Grande parte das decisões políticas e econômicas para a gestão e o controle de multinacionais é tomada por homens. A violência lamentável e evidente contra as mulheres nessas empresas não é coincidência. Por exemplo, na indústria e também no setor de petróleo e gás, o assédio contra mulheres acontece em todos os níveis das transnacionais. A exploração e a violência contra as mulheres acontece na forma de assédio sexual, na exploração econômica e na falta de condições mínimas de trabalho. Segurança e proteção são coisas importantíssimas para nós e nossas vidas, e isso não nos é oferecido livremente.

Essa deve ser uma responsabilidade dos Estados, e o país deve melhorar a forma como aborda os direitos humanos, para atender às necessidades da população, dar o devido valor às pessoas e garantir os direitos da classe trabalhadora diante dessas grandes corporações.

As eleições presidenciais que aconteceram em Uganda no dia 14 de janeiro foram uma oportunidade para as mulheres erguerem suas vozes contra a natureza dessa opressão. Depois de um processo rigoroso de consultas com sobreviventes, as mulheres dos movimentos sociais de Uganda elaboraram um documento com uma série de demandas, que ficou conhecido como Manifesto das Mulheres de Uganda para 2021-2026. Trata-se de um documento político desenvolvido pelas mulheres para exigir que atores fundamentais, como governo, partidos políticos e candidatos, não apenas compreendam como também se responsabilizem pela situação das mulheres do país, que veem sua dignidade relegada dos processos de desenvolvimento, inclusive pelos males dos investimentos multinacionais. Entre essas demandas fundamentais estão: governança de recursos, desenvolvimento econômico e de subsistência, direitos sobre a terra e a propriedade, saúde das mulheres, direitos de gênero e participação política, paz para as mulheres e questões de segurança, entre outros.

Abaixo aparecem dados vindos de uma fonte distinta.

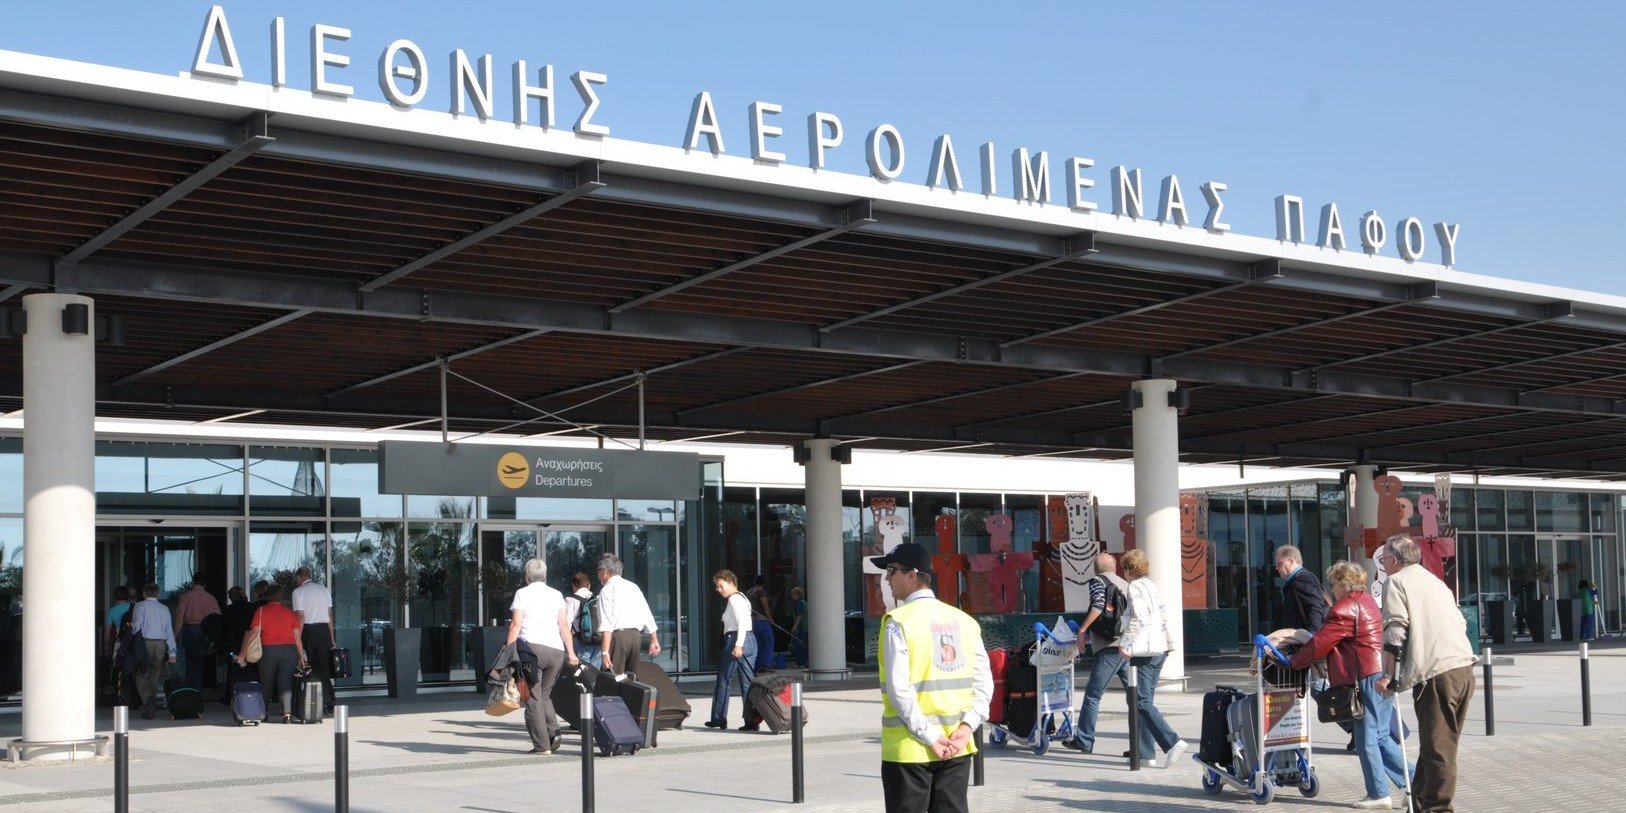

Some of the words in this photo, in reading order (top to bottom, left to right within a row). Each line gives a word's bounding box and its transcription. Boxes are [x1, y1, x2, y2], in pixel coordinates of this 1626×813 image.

[193, 5, 610, 136] ΔΙΕΘΝΗΣ
[683, 90, 1231, 233] ΑΕΡΟΛΙΜΕΝΑΣ
[1275, 194, 1460, 267] ΠΑΦΟΥ
[535, 456, 603, 473] Αναχωρήσεις
[535, 474, 593, 487] Departures

Apesar dos desafios, trata-se, de modo geral, de uma série de demandas para nossas lideranças refletirem e se responsabilizarem enquanto o país navega pela era das multinacionais, no sentido de proteger os direitos das mulheres.

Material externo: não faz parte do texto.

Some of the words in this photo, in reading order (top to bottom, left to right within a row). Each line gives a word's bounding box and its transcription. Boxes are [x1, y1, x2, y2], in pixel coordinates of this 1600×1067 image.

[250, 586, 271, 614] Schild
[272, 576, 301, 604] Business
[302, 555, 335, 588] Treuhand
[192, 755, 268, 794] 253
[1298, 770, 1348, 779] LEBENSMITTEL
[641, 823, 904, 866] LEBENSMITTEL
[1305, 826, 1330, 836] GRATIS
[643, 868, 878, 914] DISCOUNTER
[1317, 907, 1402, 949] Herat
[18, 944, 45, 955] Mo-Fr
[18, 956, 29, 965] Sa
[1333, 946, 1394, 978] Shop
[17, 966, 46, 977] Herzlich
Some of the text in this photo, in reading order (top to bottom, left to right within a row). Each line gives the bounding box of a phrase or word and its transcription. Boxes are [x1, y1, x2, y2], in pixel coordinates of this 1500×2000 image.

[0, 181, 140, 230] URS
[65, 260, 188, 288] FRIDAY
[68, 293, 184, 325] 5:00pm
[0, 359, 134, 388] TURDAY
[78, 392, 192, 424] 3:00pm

Do mesmo modo, muitas candidatas disputaram cargos públicos e é esperado que as vozes das mulheres possam transformar cada vez mais e tornar realidade a elaboração de leis, políticas e práticas para confrontar e regulamentar os empreendimentos multinacionais. Também esperamos que após assumirem seus cargos, as lideranças reflitam sobre essas preocupações e, quem sabe, deem destaque aos desafios colocados por setores populares para responder às desigualdades estruturais e sistêmicas situadas nas transnacionais.